In first, Palestinian official jailed for Facebook posts

Omar Shalabi, 44, gets nine months in Israeli prison for 10 posts praising terrorists, inciting anger to ‘purify Al-Aqsa’

Marissa Newman is The Times of Israel political correspondent.

Omar Shalabi (L) and Yasser Arafat (R) (photo credit: Facebook)
Omar Shalabi (L) and Yasser Arafat (R) (photo credit: Facebook)

The Jerusalem Magistrate Court on Tuesday sentenced the secretary general of Fatah’s Jerusalem branch to nine months in prison for using his personal Facebook account to incite violence and support terrorism against Israeli civilians.

The sentencing of Omar Shalabi, 44, a resident of the West Bank village of Eizaria, marks the first time Israeli courts handed out a prison sentence for incitement on social media, according to the Ynet news website.

Shalabi, who has no prior criminal record, was arrested in December for his online activity.

The indictment against him referenced 10 Facebook statuses written between July and October of last year, at a time of heightened tensions in the capital, in which he hailed terrorists for various attacks.

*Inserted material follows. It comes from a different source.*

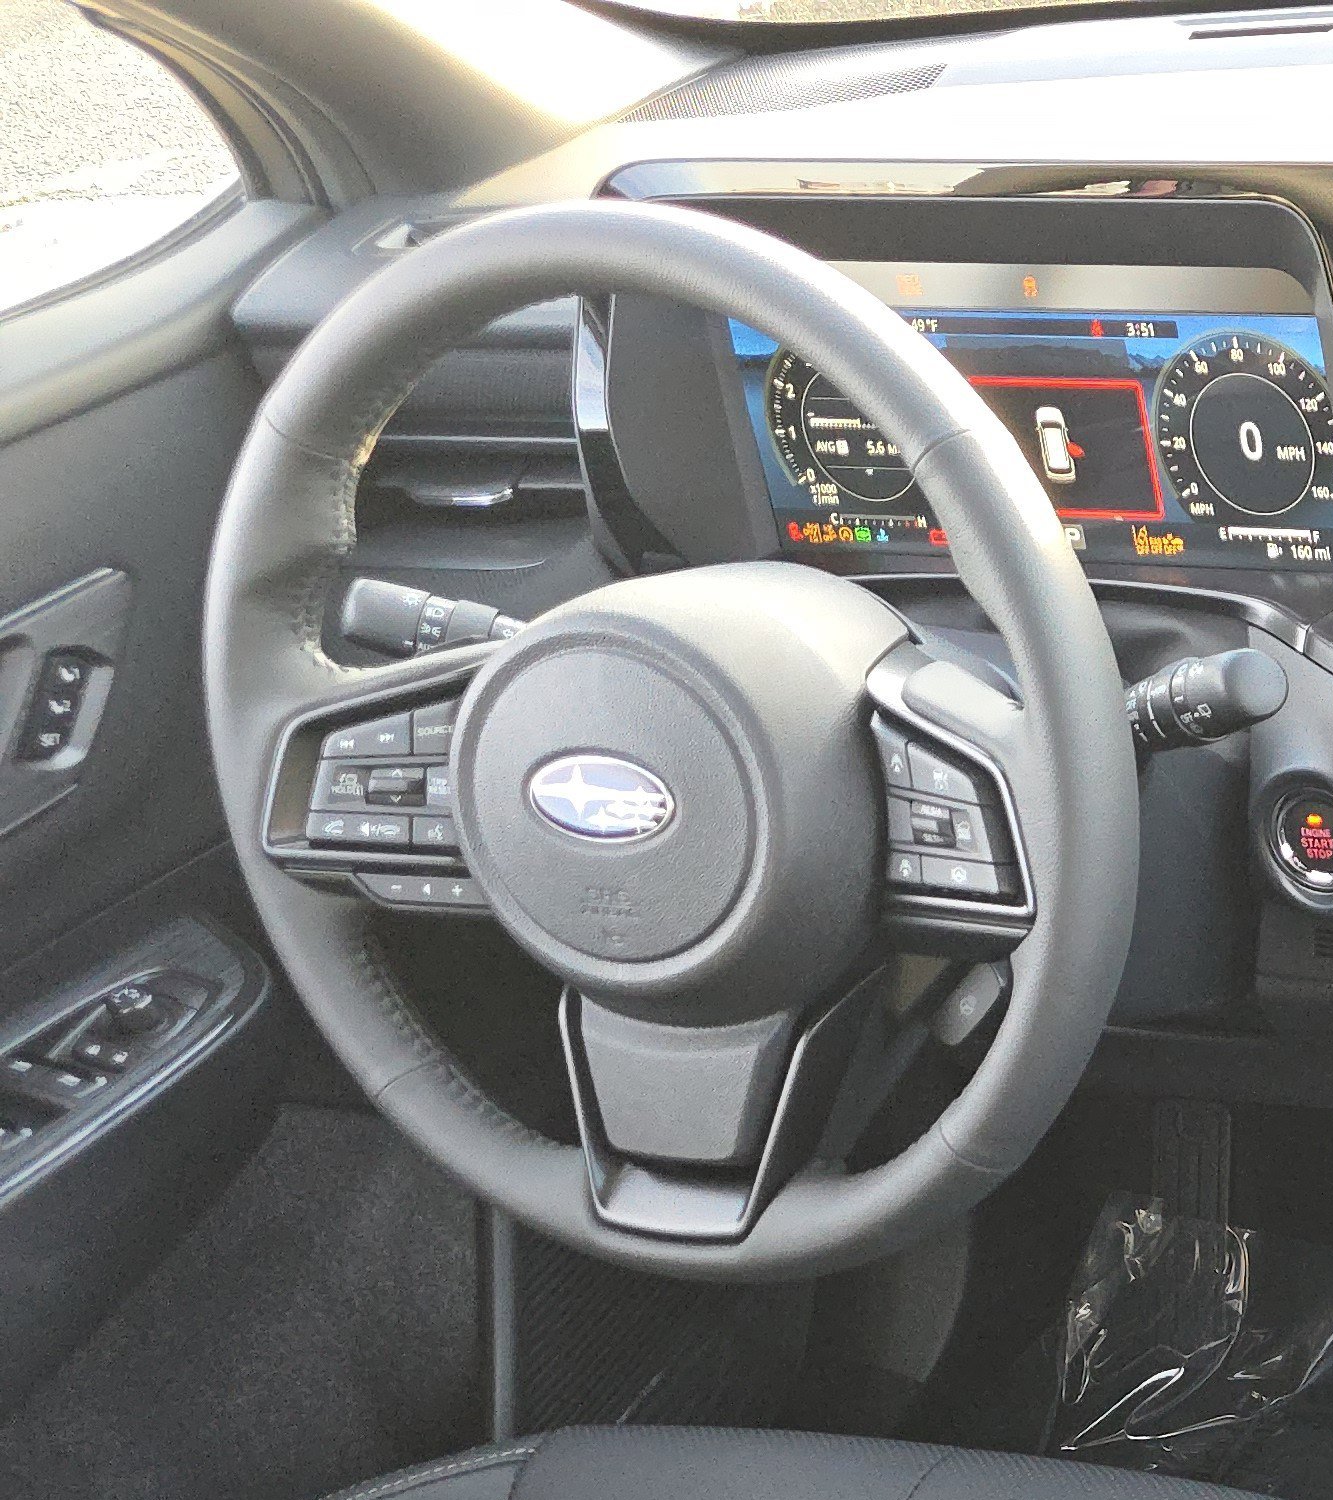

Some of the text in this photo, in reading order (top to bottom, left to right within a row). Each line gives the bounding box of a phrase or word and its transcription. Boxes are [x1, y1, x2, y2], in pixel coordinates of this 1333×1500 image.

Last October, following an assassination attempt on Temple Mount activist Yehudah Glick, Shalabi wrote that Glick was in serious condition, and wished him “hell and bad fate.”

A month later, on the day after Border Police officer Jedan Assad and 17-year-old Shalom Aharon Badani were killed in a car-ramming attack, Shalabi wrote: “In Jerusalem there are actions, not words. May God have mercy on the brave shahid [martyr] Ibrahim Akary and may he enter heaven.”

In another instance, he wrote: “Children of Jerusalem, be angered and continue on the path of despair and conflict that will simmer and purify Jerusalem and al-Aqsa from the defilement of the bastard Jews.”

Judge Eitan Kornhauser described the online posts as “grave incitement, including praise of heinous murderers and words of encouragement to carry out similar actions.”

The judge also noted the explosive political situation and the large exposure the posts received. At the time, Shalabi had over 5,000 friends and 775 followers.

“Sharp and clear boundaries of penalties must be set, which will serve as a warning to everyone armed with a keyboard,” the judge wrote.